Per chi invece volesse fare un parallelo con l’Antico Testamento della Bibbia, ad esempio, che è un testo scritto da uomini ispirati da Dio, contiene anche alcuni versi alquanto ostili nei confronti del rispetto dei diritti umani, ma vanno comunque contestualizzati all’epoca in cui sono stati scritti e in quale circostanza specifica. Sta di fatto che i cristiani di oggi, coniugando fede e ragione, considerano anacronistici quei circoscritti versi violenti, poiché inapplicabili in una moderna società civile. La stessa considerazione resta difficile da avvalorare anche nella tradizione dello shari’a.

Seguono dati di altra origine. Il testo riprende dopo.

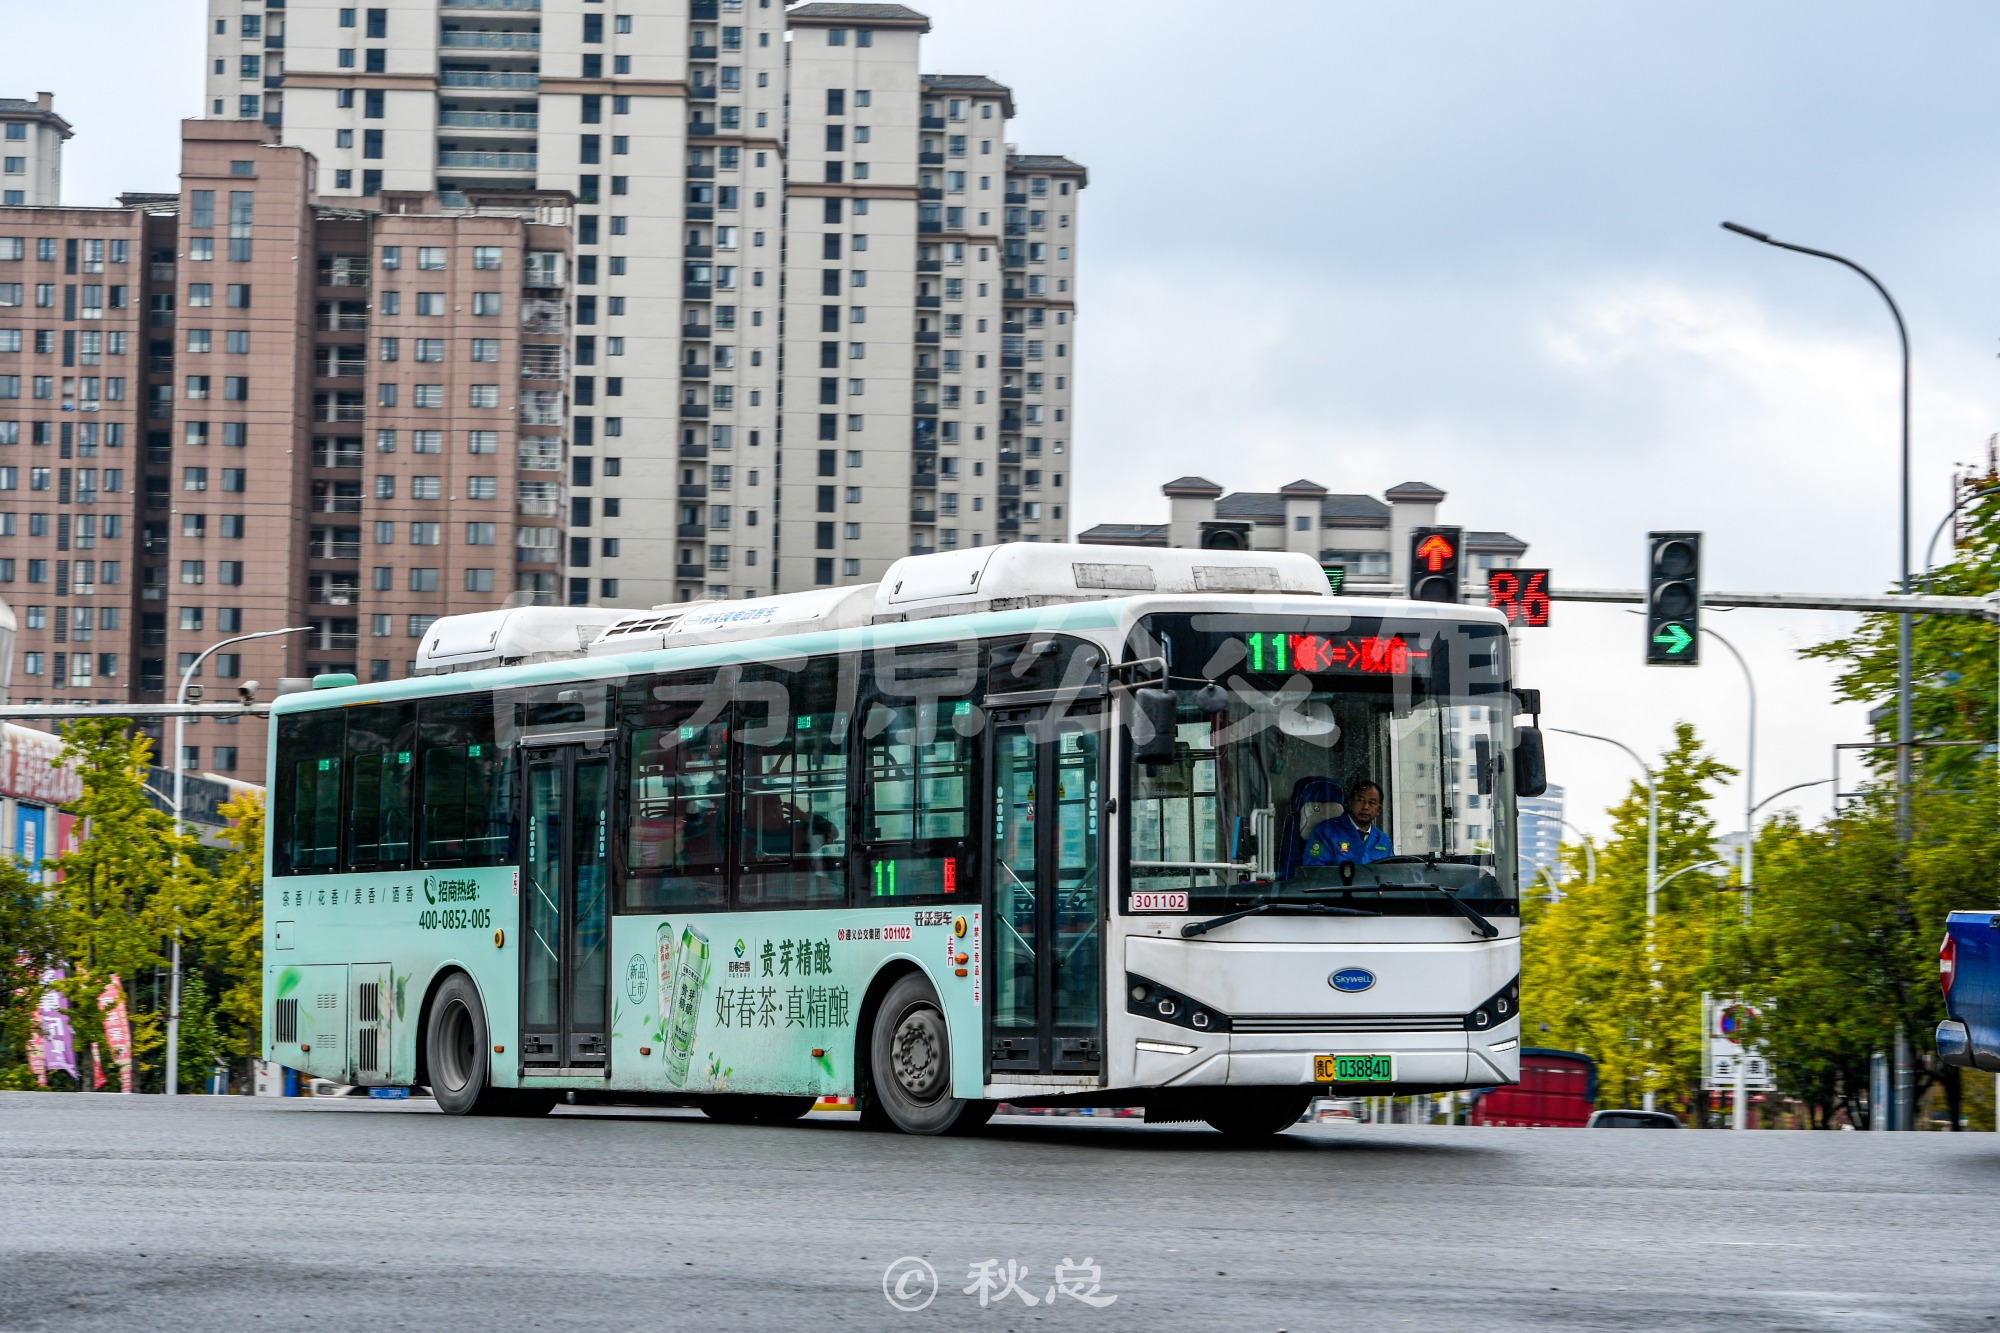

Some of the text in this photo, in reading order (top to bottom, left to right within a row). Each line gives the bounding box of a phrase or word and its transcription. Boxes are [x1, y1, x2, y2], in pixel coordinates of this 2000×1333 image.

[1249, 632, 1287, 671] 11
[875, 860, 895, 896] 11
[1135, 895, 1184, 908] 301102
[418, 908, 491, 930] 400-0852-005
[845, 926, 911, 941] 遵义公交集团 301102
[760, 938, 832, 978] 贵芽精酿
[629, 963, 645, 980] 新品
[628, 980, 645, 997] 上市

Una delle citazioni del Corano che suscitano maggiori polemiche da parte dei neofiti, viene spiegata dalla comunità islamica in relazione alla variabilità di traduzione in italiano. Il problema tuttavia persiste in quanto leggendo differenti traduzione, l’ipotesi di istigazione ad atti violenti o bellici non svanisce affatto.

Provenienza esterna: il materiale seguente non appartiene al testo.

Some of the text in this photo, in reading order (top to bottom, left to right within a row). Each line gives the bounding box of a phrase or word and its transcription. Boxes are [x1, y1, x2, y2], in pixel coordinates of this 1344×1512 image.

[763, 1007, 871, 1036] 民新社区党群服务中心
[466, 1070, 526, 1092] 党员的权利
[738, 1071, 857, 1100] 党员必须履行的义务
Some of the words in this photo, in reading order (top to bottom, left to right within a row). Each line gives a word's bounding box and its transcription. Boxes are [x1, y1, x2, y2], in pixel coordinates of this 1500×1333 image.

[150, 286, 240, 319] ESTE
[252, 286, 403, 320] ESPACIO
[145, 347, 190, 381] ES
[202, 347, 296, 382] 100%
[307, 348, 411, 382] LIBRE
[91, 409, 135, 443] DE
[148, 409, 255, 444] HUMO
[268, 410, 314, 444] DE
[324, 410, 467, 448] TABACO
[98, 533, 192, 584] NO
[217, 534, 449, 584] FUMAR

Recentemente Papa Francesco ha dichiarato che «il Corano è un libro di pace». Cerchiamo allora di capire quanto ci sia di vero leggendo una dei versetti più in voga in questo periodo, confrontandoli con traduzione differenti.
«Quando incontrate gli infedeli, uccideteli con grande spargimento di sangue e stringete forte le catene dei prigionieri». (Sura 47:4).
Prendiamo ora come riferimento una delle traduzioni del Corano in italiano più diffuse e accettate da tutte le comunità islamiche in Italia, quella fatta da Hamza Piccardo (un italiano convertito all’Islam negli anni ’70).
«Quando [in combattimento] incontrate i miscredenti, colpiteli al collo finché non li abbiate soggiogati, poi legateli strettamente. In seguito liberateli graziosamente o in cambio di un riscatto, finché la guerra non abbia fine. Questo è [l’ordine di Allah]. Se Allah avesse voluto, li avrebbe sconfitti, ma ha voluto mettervi alla prova, gli uni contro gli altri. E farà sì che non vadano perdute le opere di coloro che saranno stati uccisi sulla via di Allah.»
Questa nuova versione potrebbe apparire più addolcita rispetto a quella precedente, ma non è facile intravedervi segnali di pace.
Esistono diversi altri versetti del Corano, sempre su questo stile, basta leggerli e cercare di tradurli, possibilmente, in una versione meno aggressiva.